Le indagini che hanno condotto al fermo di entrambi, svolte “in un contesto difficile”, come ha sottolineato ancora il colonnello Magro, che si è detto però certo di avere ottenutoun quadro indiziario solido”, sono state condotte dai militari del capoluogo e dai loro colleghi di Mileto, sotto il coordinamento della Direzione distrettuale antimafia di Catanzaro, diretta da Nicola Gratteri.

Quanto al movente, poi, secondo gli investigatori sarebbero almeno due. In pratica, alla base dell’omicidio una donna di Scaliti contesa tra Vangeli e Antonio Prostamo.

Quest’ultimo avrebbe anche minacciato di morte la vittima, perfino di scioglierlo nell’acido, via whatsapp arrivati sul cellulare di Vangeli e sequestrato e analizzato dai miliari.

Il fratello Giuseppe, invece, pare vantasse dei crediti per della droga, sempre dal 27enne, che gli avrebbe anche portato via un’arma, poi ritrovata nelle disponibilità del padre a Pisa.

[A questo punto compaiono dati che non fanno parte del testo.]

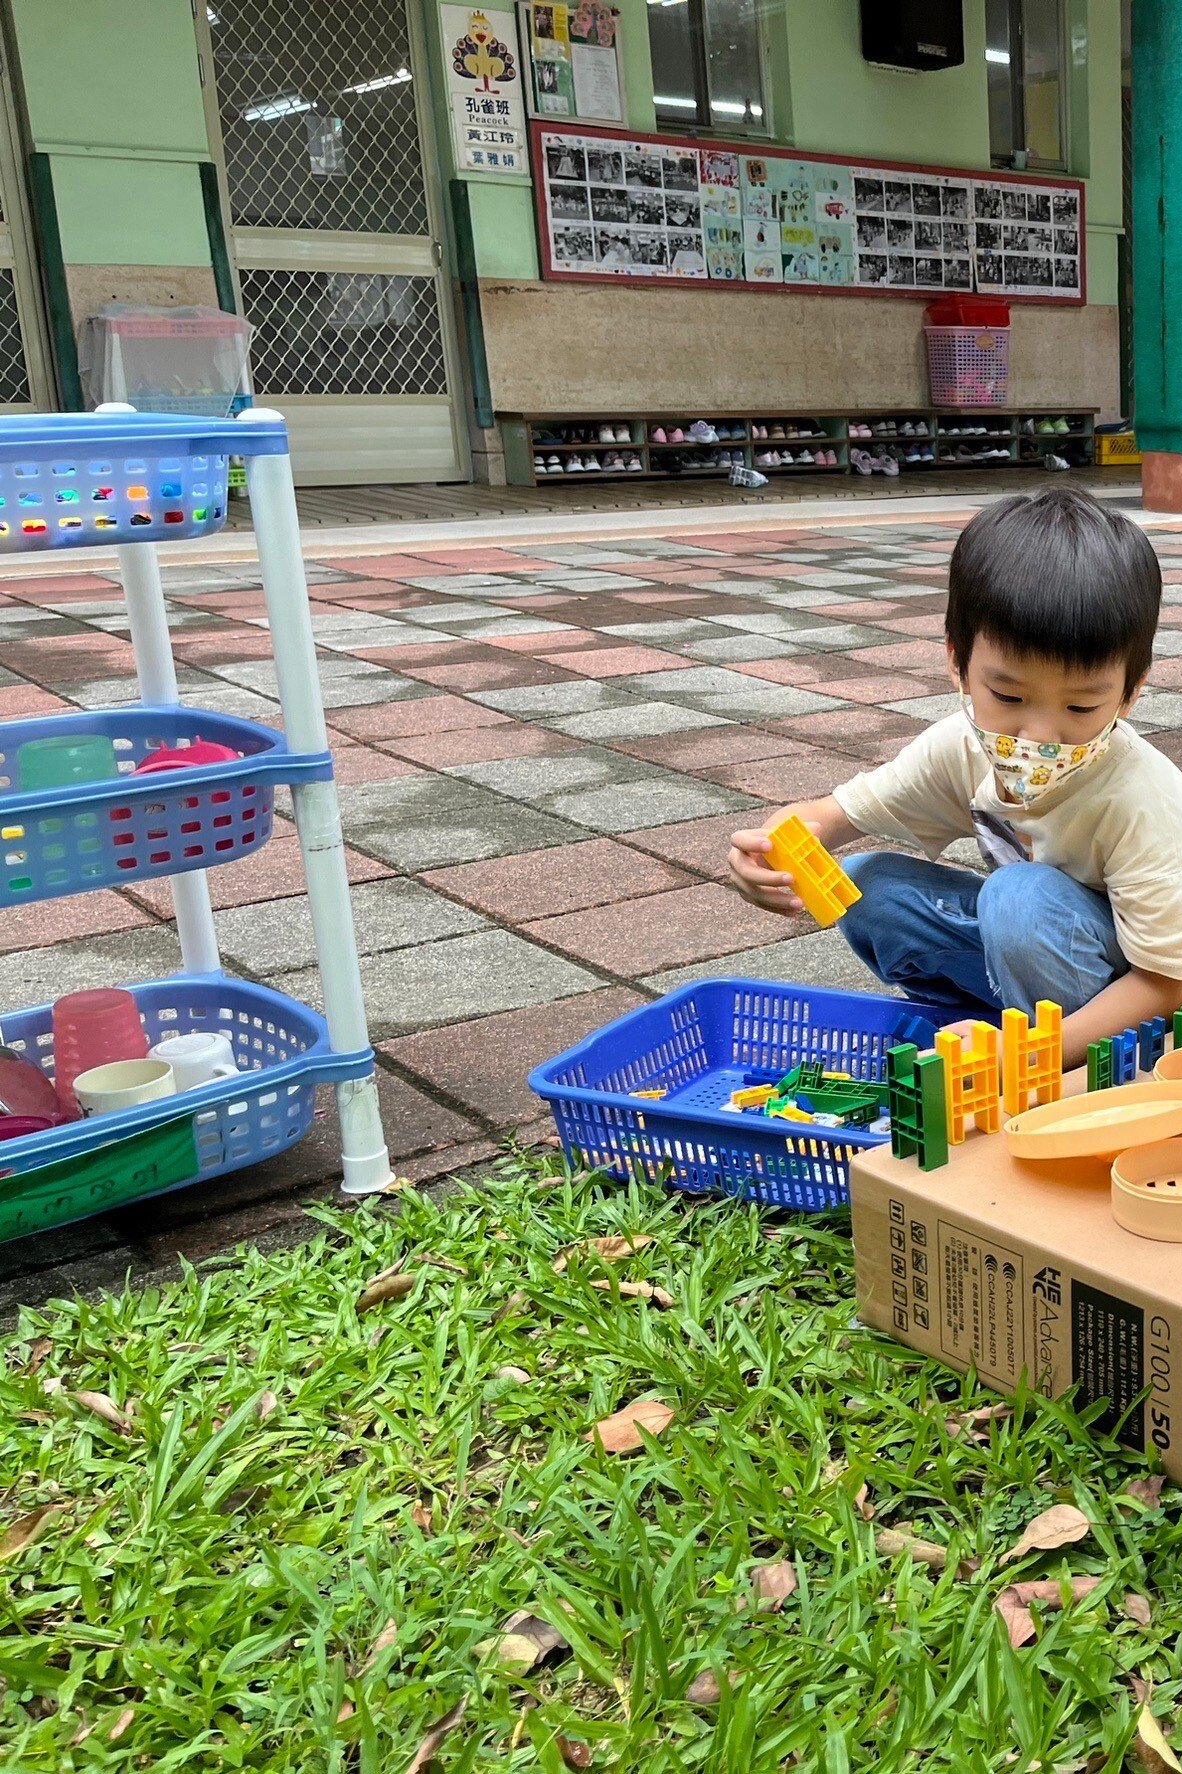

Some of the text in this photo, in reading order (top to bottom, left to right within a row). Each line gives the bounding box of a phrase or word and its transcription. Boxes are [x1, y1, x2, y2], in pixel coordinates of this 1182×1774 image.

La ricostruzione della tragica sera effettuata dagli inquirenti, racconta che il giorno della scomparsa Vangeli, con un inganno, sarebbe stato attirato a San Giovanni di Mileto, invitato dai Prostamo a casa loro per realizzare un tavolino in ferro battuto (il giovane era un artigiano come il padre). Un appuntamento purtroppo fatale per la vittima.